Segment Open
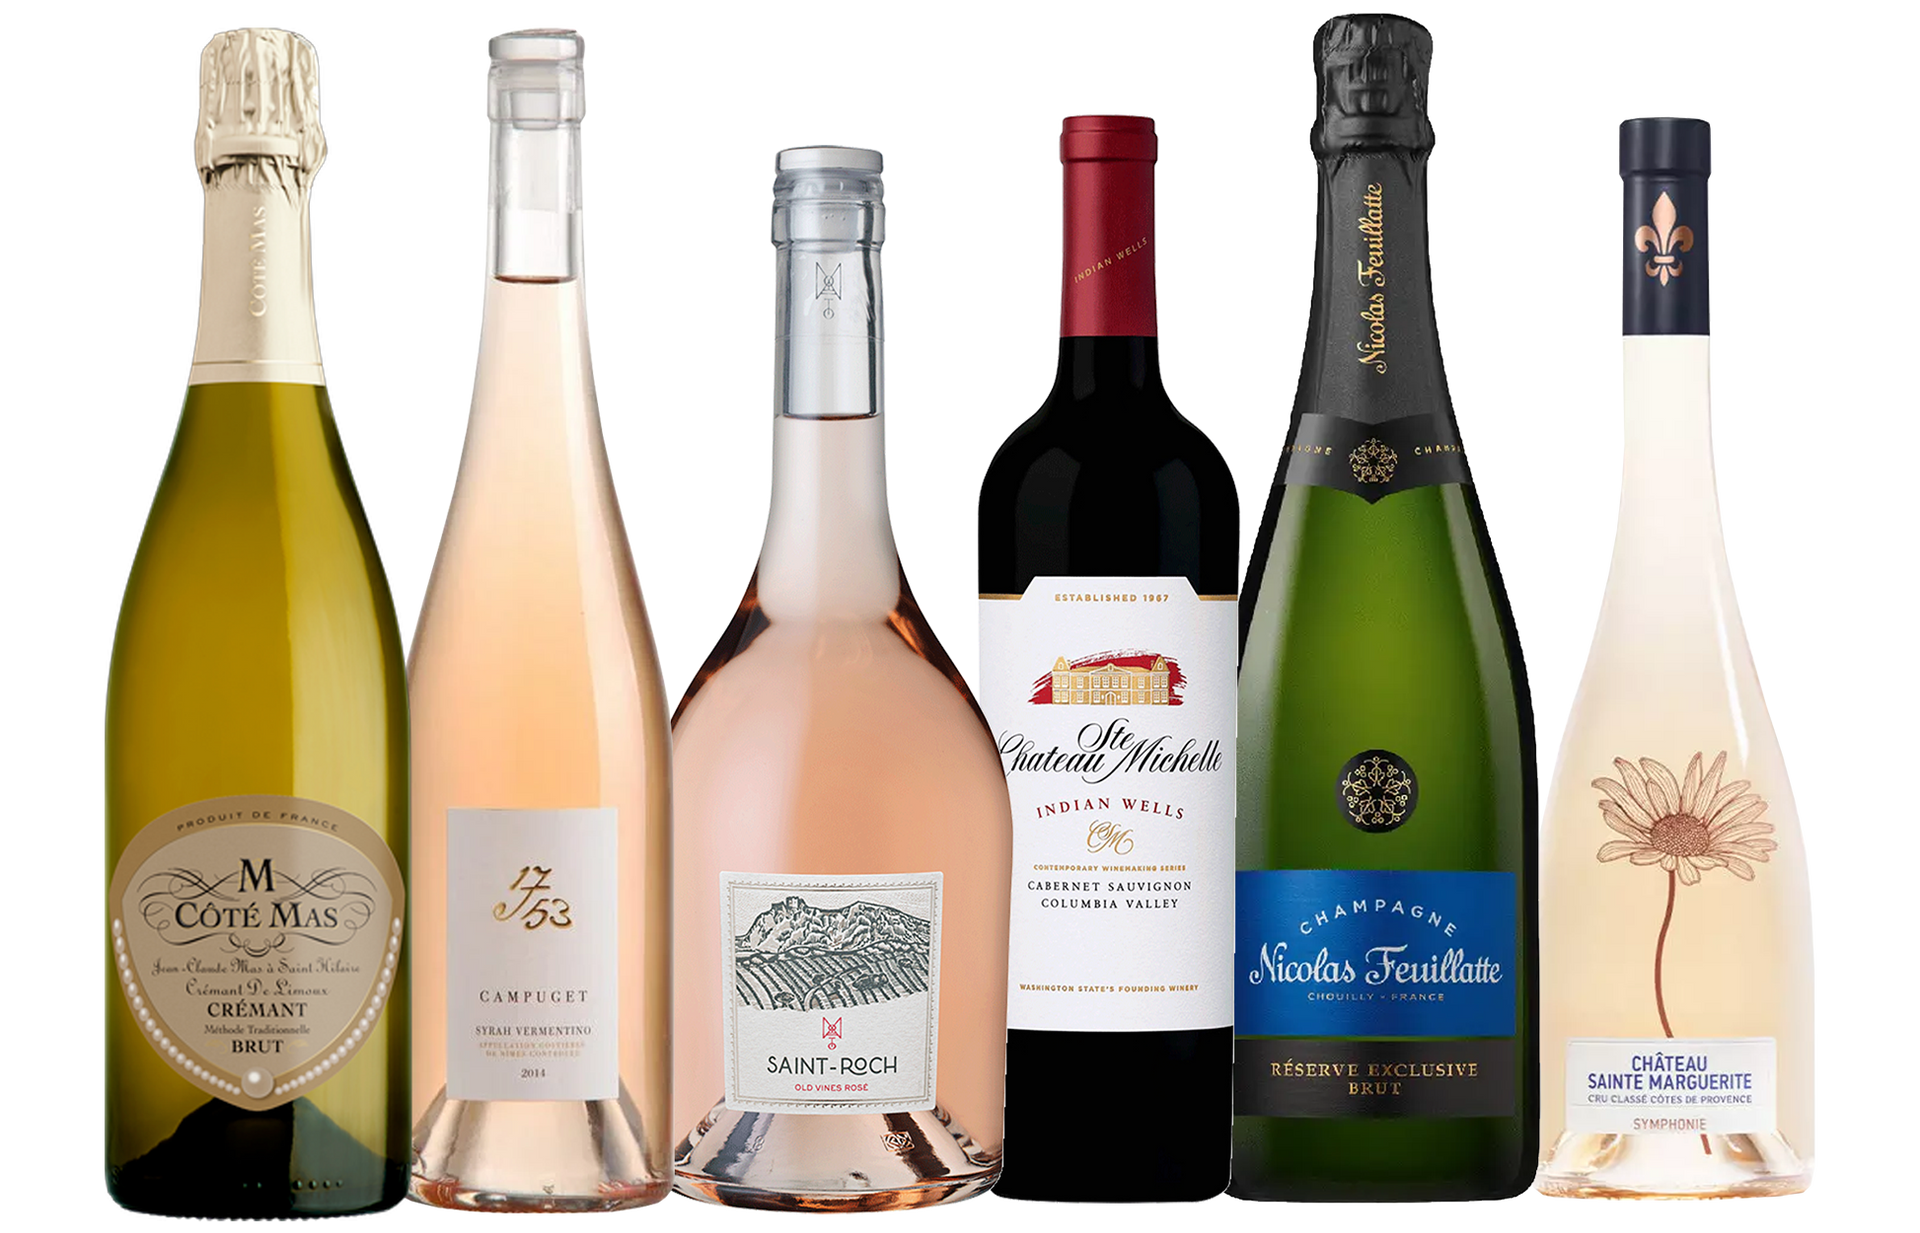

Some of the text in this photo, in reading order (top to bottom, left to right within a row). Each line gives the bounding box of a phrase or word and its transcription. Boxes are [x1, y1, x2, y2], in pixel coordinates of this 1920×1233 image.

[249, 206, 266, 253] MAS
[1074, 237, 1148, 283] INDIAN WELLS
[1357, 182, 1387, 374] Nicolas Feuillatte
[1055, 594, 1169, 602] ESTABLISHED 1967
[1077, 718, 1136, 753] Ste
[1081, 735, 1223, 785] Michelle
[1036, 797, 1184, 821] INDIAN WELLS
[176, 811, 340, 832] PRODUIT DE FRANCE
[237, 858, 275, 893] M
[1033, 864, 1186, 872] CONTEMPORARY WINEMAKING SERIES
[1027, 880, 1192, 892] CABERNET SAUVIGNON
[1041, 898, 1178, 909] COLUMBIA VALLEY
[175, 901, 338, 928] CÔTÉ MAS
[1300, 899, 1457, 937] CHAMPAGNE
[230, 957, 262, 974] Mas
[266, 962, 274, 974] à
[278, 957, 313, 974] Saint
[1249, 942, 1503, 985] Nicolas Feuillatte
[186, 977, 329, 996] Crémant De Limoux
[1019, 983, 1075, 993] WASHINGTON
[1118, 985, 1166, 993] FOUNDING
[1168, 984, 1199, 992] WINERY
[479, 989, 589, 1003] CAMPUGET
[1307, 992, 1445, 1001] CHOUILLY FRANCE
[207, 999, 308, 1018] CRÉMANT
[204, 1024, 311, 1035] Méthode Traditionnelle
[475, 1025, 592, 1037] SYRAH VERMENTINO
[231, 1039, 285, 1054] BRUT
[1270, 1058, 1478, 1077] RÉSERVE EXCLUSIVE
[1631, 1052, 1708, 1072] CHÂTEAU
[520, 1068, 546, 1079] 2014
[1587, 1073, 1752, 1090] SAINTE MARGUERITE
[794, 1083, 869, 1092] OLD VINES ROSÉ
[1348, 1082, 1402, 1095] BRUT
[1588, 1093, 1752, 1104] CRU CLASSÉ CÔTES DE PROVENCE
[1633, 1118, 1707, 1130] SYMPHONIE
Segment Closed
What the task requires: Every line of the listing must be reproduced exactly, though the pictures are to be left out.

Exercise answer:
Some of the text in this photo, in reading order (top to bottom, left to right within a row). Each line gives the bounding box of a phrase or word and its transcription. Boxes are [x1, y1, x2, y2], in pixel coordinates of this 1920×1233 image.

[249, 206, 266, 253] MAS
[1074, 237, 1148, 283] INDIAN WELLS
[1357, 182, 1387, 374] Nicolas Feuillatte
[1055, 594, 1169, 602] ESTABLISHED 1967
[1077, 718, 1136, 753] Ste
[1081, 735, 1223, 785] Michelle
[1036, 797, 1184, 821] INDIAN WELLS
[176, 811, 340, 832] PRODUIT DE FRANCE
[237, 858, 275, 893] M
[1033, 864, 1186, 872] CONTEMPORARY WINEMAKING SERIES
[1027, 880, 1192, 892] CABERNET SAUVIGNON
[1041, 898, 1178, 909] COLUMBIA VALLEY
[175, 901, 338, 928] CÔTÉ MAS
[1300, 899, 1457, 937] CHAMPAGNE
[230, 957, 262, 974] Mas
[266, 962, 274, 974] à
[278, 957, 313, 974] Saint
[1249, 942, 1503, 985] Nicolas Feuillatte
[186, 977, 329, 996] Crémant De Limoux
[1019, 983, 1075, 993] WASHINGTON
[1118, 985, 1166, 993] FOUNDING
[1168, 984, 1199, 992] WINERY
[479, 989, 589, 1003] CAMPUGET
[1307, 992, 1445, 1001] CHOUILLY FRANCE
[207, 999, 308, 1018] CRÉMANT
[204, 1024, 311, 1035] Méthode Traditionnelle
[475, 1025, 592, 1037] SYRAH VERMENTINO
[231, 1039, 285, 1054] BRUT
[1270, 1058, 1478, 1077] RÉSERVE EXCLUSIVE
[1631, 1052, 1708, 1072] CHÂTEAU
[520, 1068, 546, 1079] 2014
[1587, 1073, 1752, 1090] SAINTE MARGUERITE
[794, 1083, 869, 1092] OLD VINES ROSÉ
[1348, 1082, 1402, 1095] BRUT
[1588, 1093, 1752, 1104] CRU CLASSÉ CÔTES DE PROVENCE
[1633, 1118, 1707, 1130] SYMPHONIE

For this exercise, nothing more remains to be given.